WHAT THE TASK ASKS ->
Copy the data that follows exactly, and include none of its images.

THE DATA ->

-- Opening Marker --

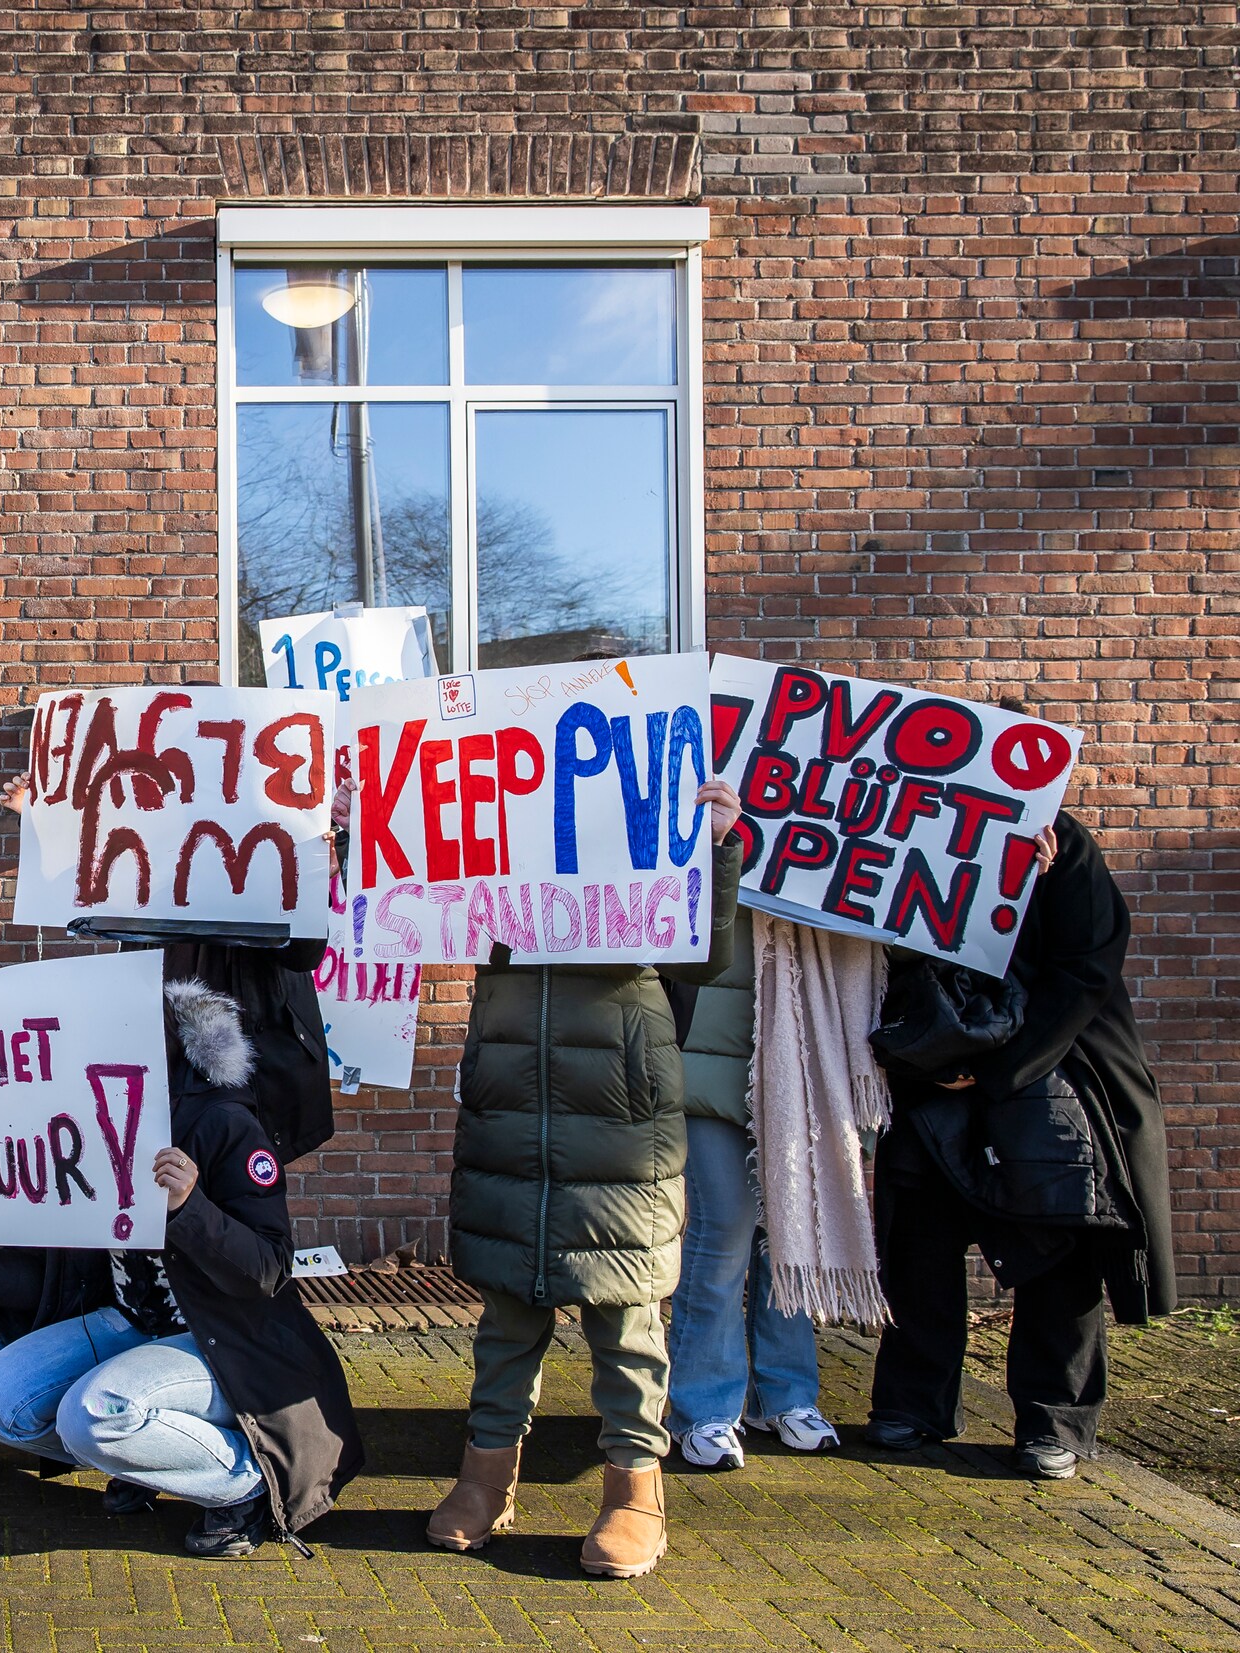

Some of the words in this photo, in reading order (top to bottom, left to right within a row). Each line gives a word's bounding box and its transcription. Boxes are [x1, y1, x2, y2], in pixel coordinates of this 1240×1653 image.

[271, 633, 305, 689] 1
[760, 666, 984, 776] PVO
[358, 719, 546, 889] KEEP
[554, 702, 706, 876] PVO

-- Closing Marker --

SOLUTION TO THE EXERCISE ->
Some of the words in this photo, in reading order (top to bottom, left to right within a row). Each line gives a word's bounding box and its transcription. Boxes are [x1, y1, x2, y2], in pixel coordinates of this 1240×1653 image.

[271, 633, 305, 689] 1
[760, 666, 984, 776] PVO
[358, 719, 546, 889] KEEP
[554, 702, 706, 876] PVO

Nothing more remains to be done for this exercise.